+++ Given records

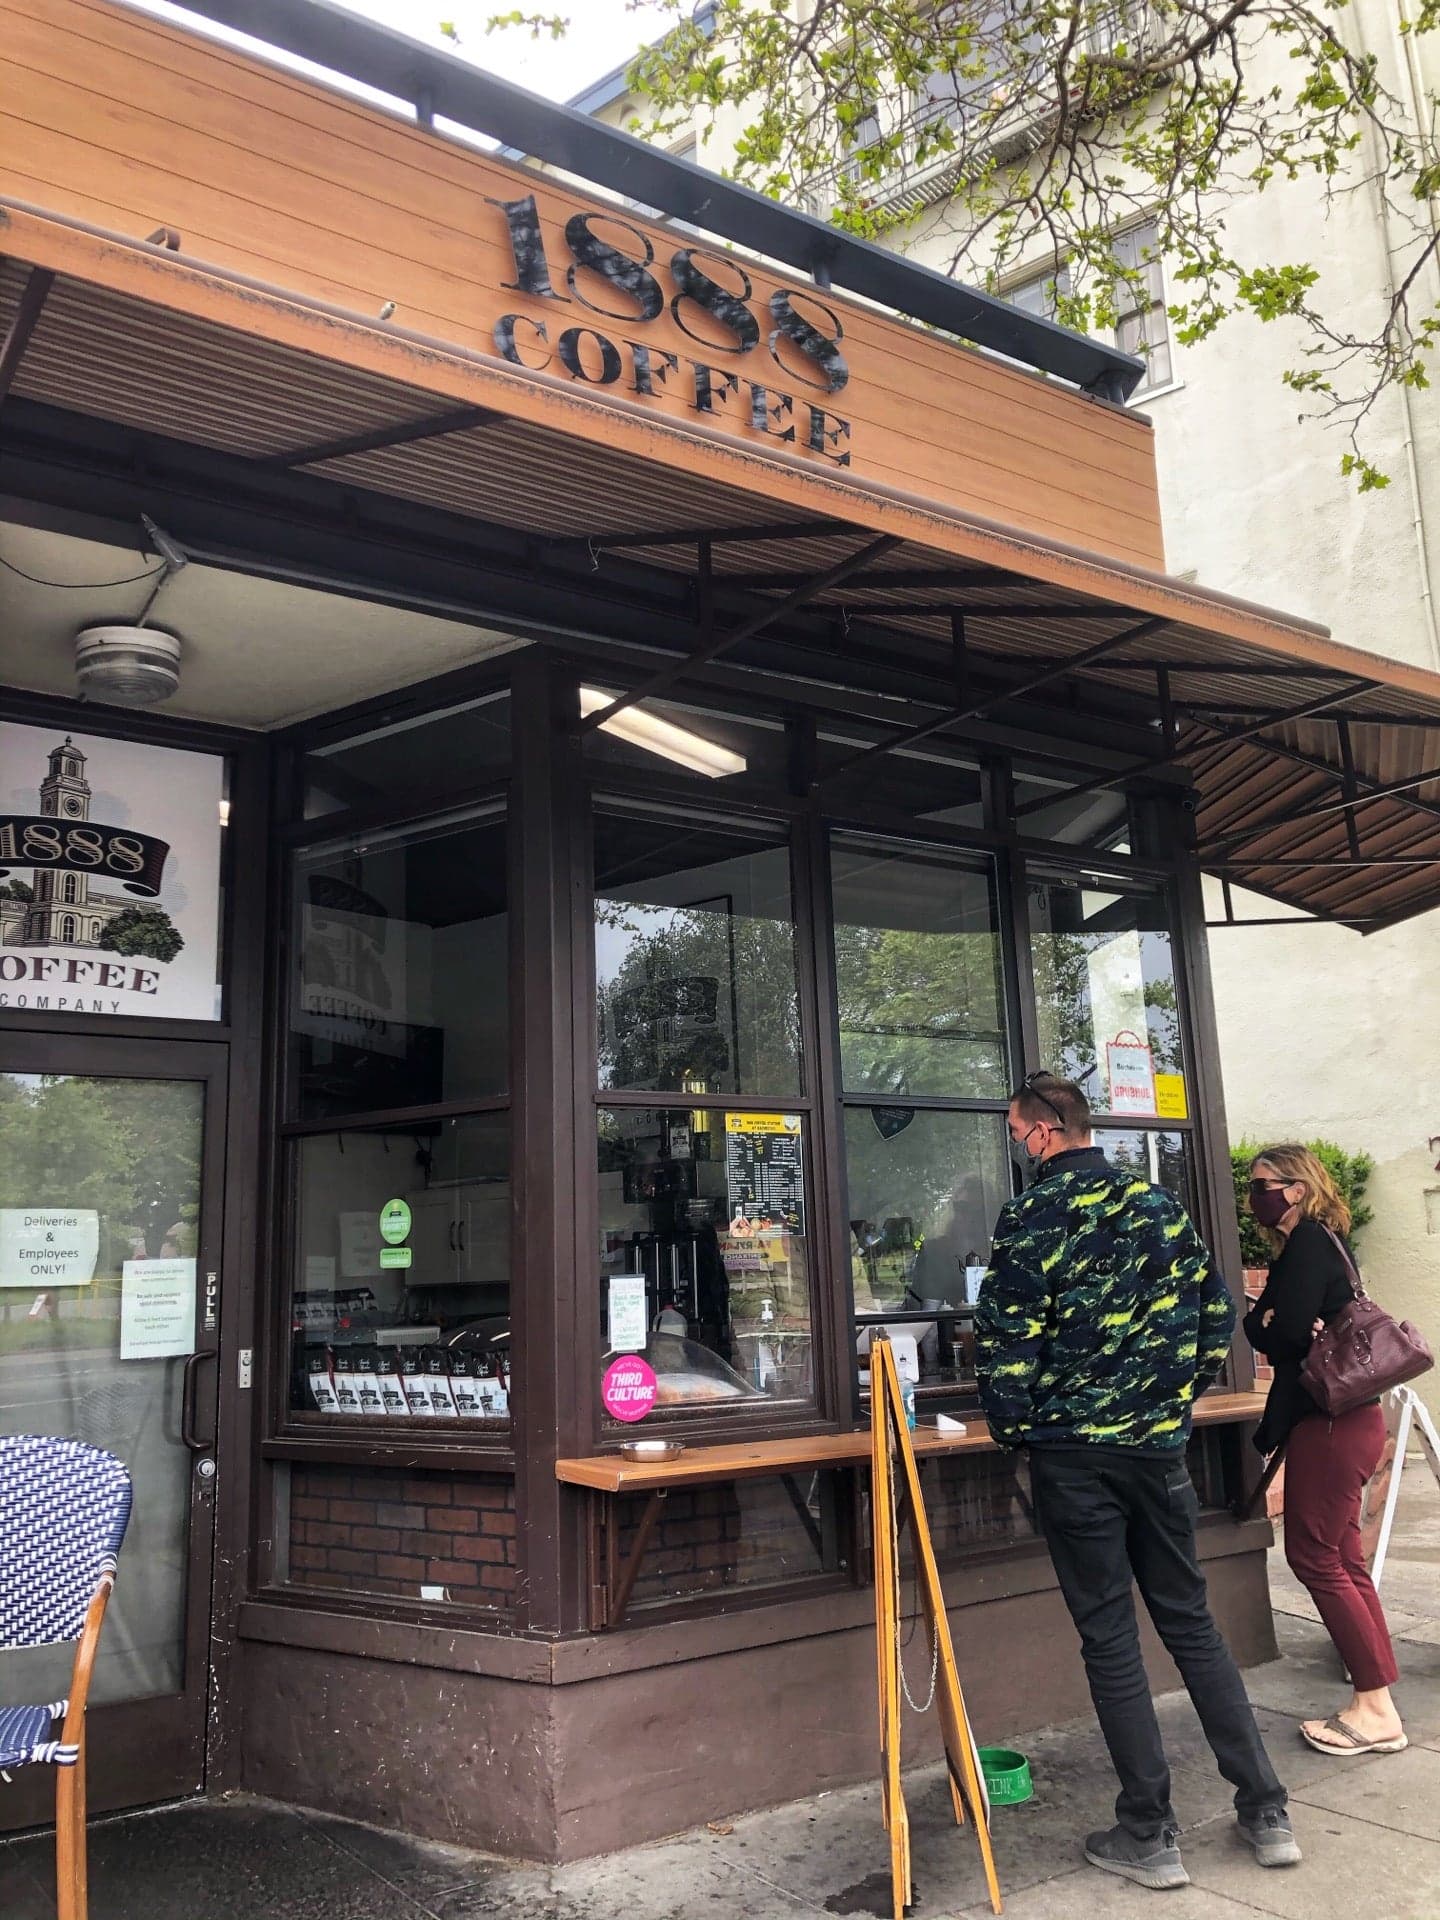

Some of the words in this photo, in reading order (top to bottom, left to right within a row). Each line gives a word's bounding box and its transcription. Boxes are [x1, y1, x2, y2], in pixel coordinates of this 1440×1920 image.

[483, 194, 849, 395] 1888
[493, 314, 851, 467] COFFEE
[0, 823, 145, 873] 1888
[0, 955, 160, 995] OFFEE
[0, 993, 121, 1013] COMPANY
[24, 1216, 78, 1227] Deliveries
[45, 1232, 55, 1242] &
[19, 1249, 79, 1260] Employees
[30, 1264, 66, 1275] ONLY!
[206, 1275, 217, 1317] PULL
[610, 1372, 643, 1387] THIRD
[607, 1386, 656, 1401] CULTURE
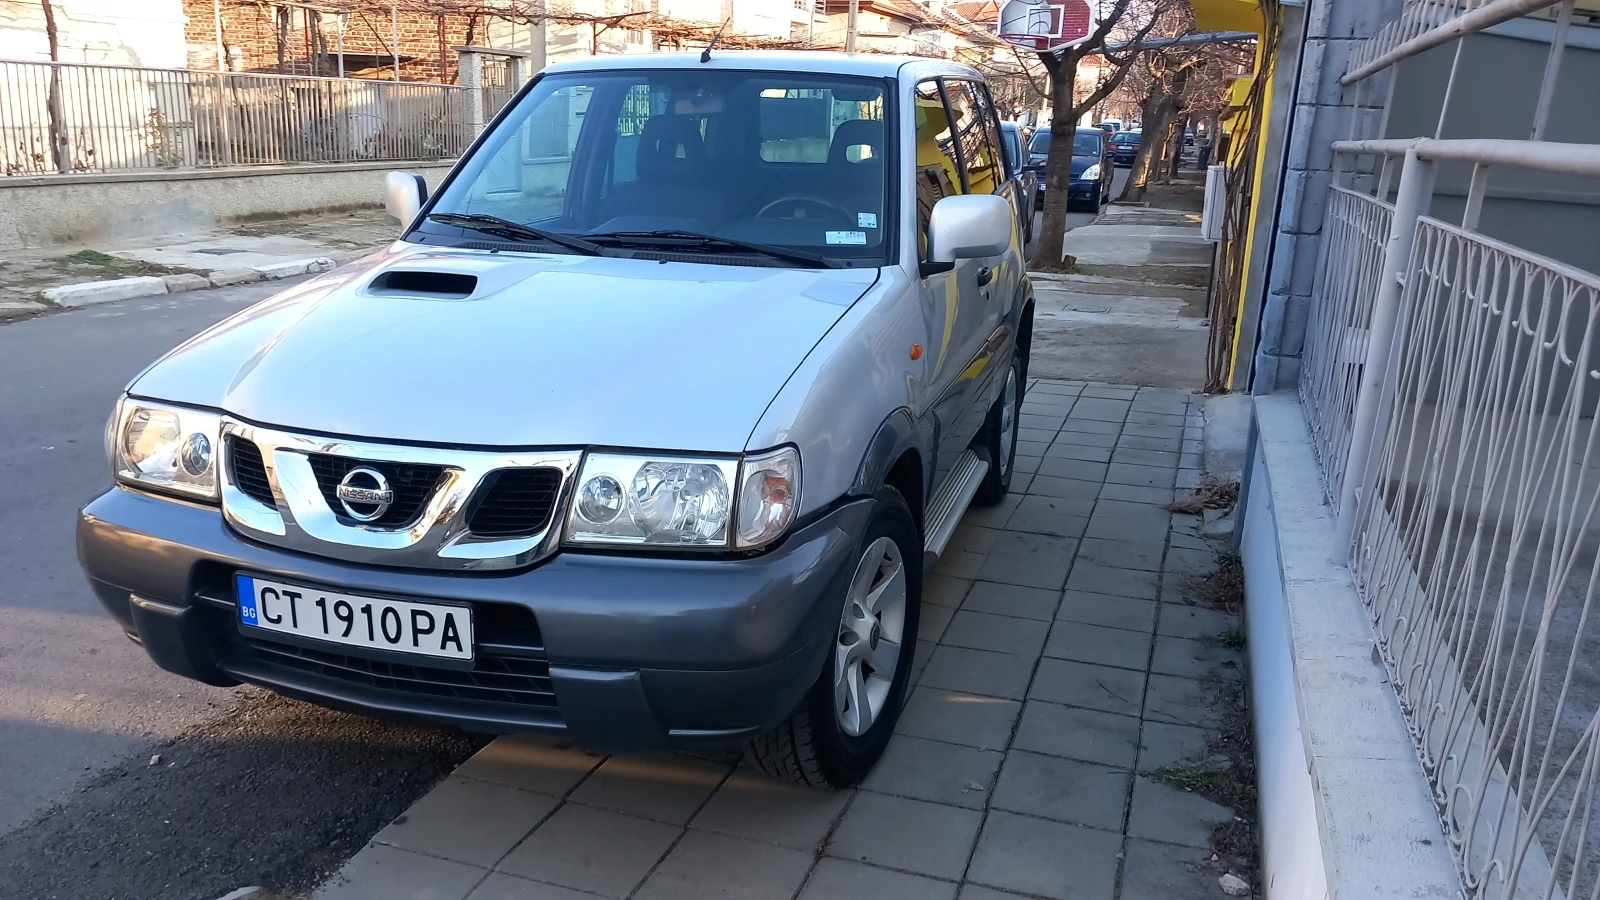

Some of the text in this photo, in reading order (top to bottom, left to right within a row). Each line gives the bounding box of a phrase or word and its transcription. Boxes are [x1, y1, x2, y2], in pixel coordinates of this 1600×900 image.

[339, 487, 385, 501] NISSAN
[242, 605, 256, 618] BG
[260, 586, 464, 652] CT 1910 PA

++++++

What is expected: Return all the data exactly, pictures omitted.

Response area:
Some of the words in this photo, in reading order (top to bottom, left to right within a row). Each line gives a word's bounding box and its transcription. Boxes are [x1, y1, x2, y2], in pixel coordinates of this 1440×1920 image.

[483, 194, 849, 395] 1888
[493, 314, 851, 467] COFFEE
[0, 823, 145, 873] 1888
[0, 955, 160, 995] OFFEE
[0, 993, 121, 1013] COMPANY
[24, 1216, 78, 1227] Deliveries
[45, 1232, 55, 1242] &
[19, 1249, 79, 1260] Employees
[30, 1264, 66, 1275] ONLY!
[206, 1275, 217, 1317] PULL
[610, 1372, 643, 1387] THIRD
[607, 1386, 656, 1401] CULTURE

Some of the text in this photo, in reading order (top to bottom, left to right within a row). Each line gives the bounding box of a phrase or word and its transcription. Boxes are [x1, y1, x2, y2], in pixel coordinates of this 1600×900 image.

[339, 487, 385, 501] NISSAN
[242, 605, 256, 618] BG
[260, 586, 464, 652] CT 1910 PA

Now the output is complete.